In Hady Barry’s photograph, where the street is free of hubbub, we might wonder about the interior life of the pedestrians. If the dog and child with their raised paw and leg seem assured, the woman is counterpoised with planted feet. Her lips sulky, her head bowed, her pose worried. A spray of leaves litter the ground, like confetti arrayed in celebration of those who seek comfort in the enclose of a solitary road. “Her head is bent down and she's completely lost in thought,” writes Barry of her friend Azi. “She's entirely open and vulnerable.”
Yet an open road—as a thoroughfare, a path from one place to another—is not exactly a place for vulnerability. See the photograph by Mohamed Fouad Semmache, of men in a bentonite quarry in the western region of Algeria. They seem to have no intent in dallying; the most consequential aspect of their presence is the incline of their legs as it makes its way up. In the distance the hills unfold in a rhythmic array, and it would seem they intend to move toward a thread of stones, anywhere but here.

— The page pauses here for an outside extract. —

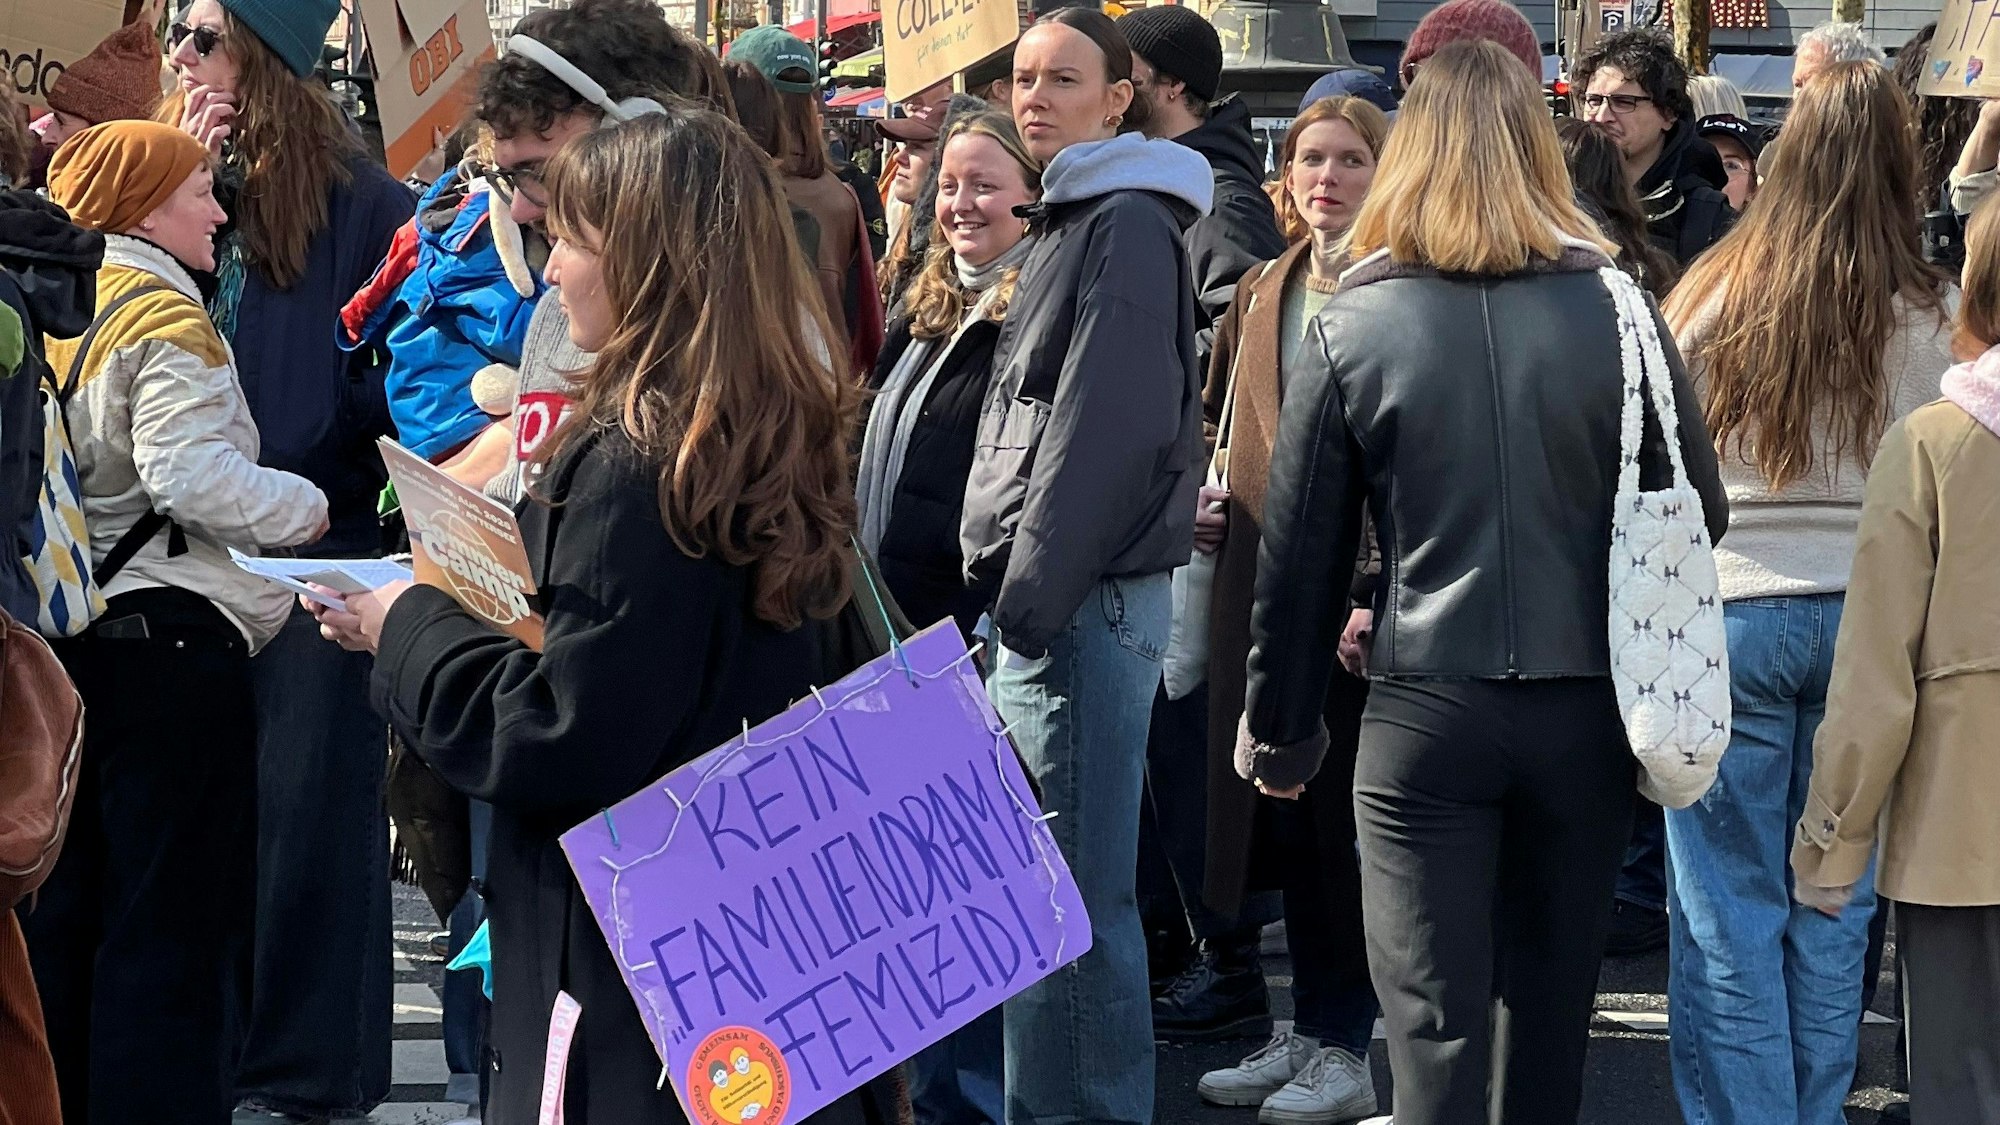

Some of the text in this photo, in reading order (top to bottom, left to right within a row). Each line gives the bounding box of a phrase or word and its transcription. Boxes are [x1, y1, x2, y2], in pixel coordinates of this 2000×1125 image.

The sky and river in Verity FitzGerald’s predawn photograph is set in blue. Even the house is cast with a tint of azure. The road is pictured at a point from which it inclines into a bend. When you round the corner, you arrive at the house. From there you can stare down at the river, and it looks back up with tides of omniscience. “Those nights on Robben Island, alone and free to roam as I liked, were both eerie and magical—a very intimate experience,” FitzGerald writes. “The history of the island weighed heavily on me and seeing this one lonely building gazing back at the mainland as dawn broke, felt poignant.” It is here that all the other roads lead: a lone house on an island lit with a curious hint of solitude. ••••
This is the #10 edition of CONCORDANCE, a series of micro-essays in response to sequences of photographs previously featured on the newsletter. These notes, inspired by CORRESPONDENCES, points to affinities in style, mood, or theme between the tendered photos.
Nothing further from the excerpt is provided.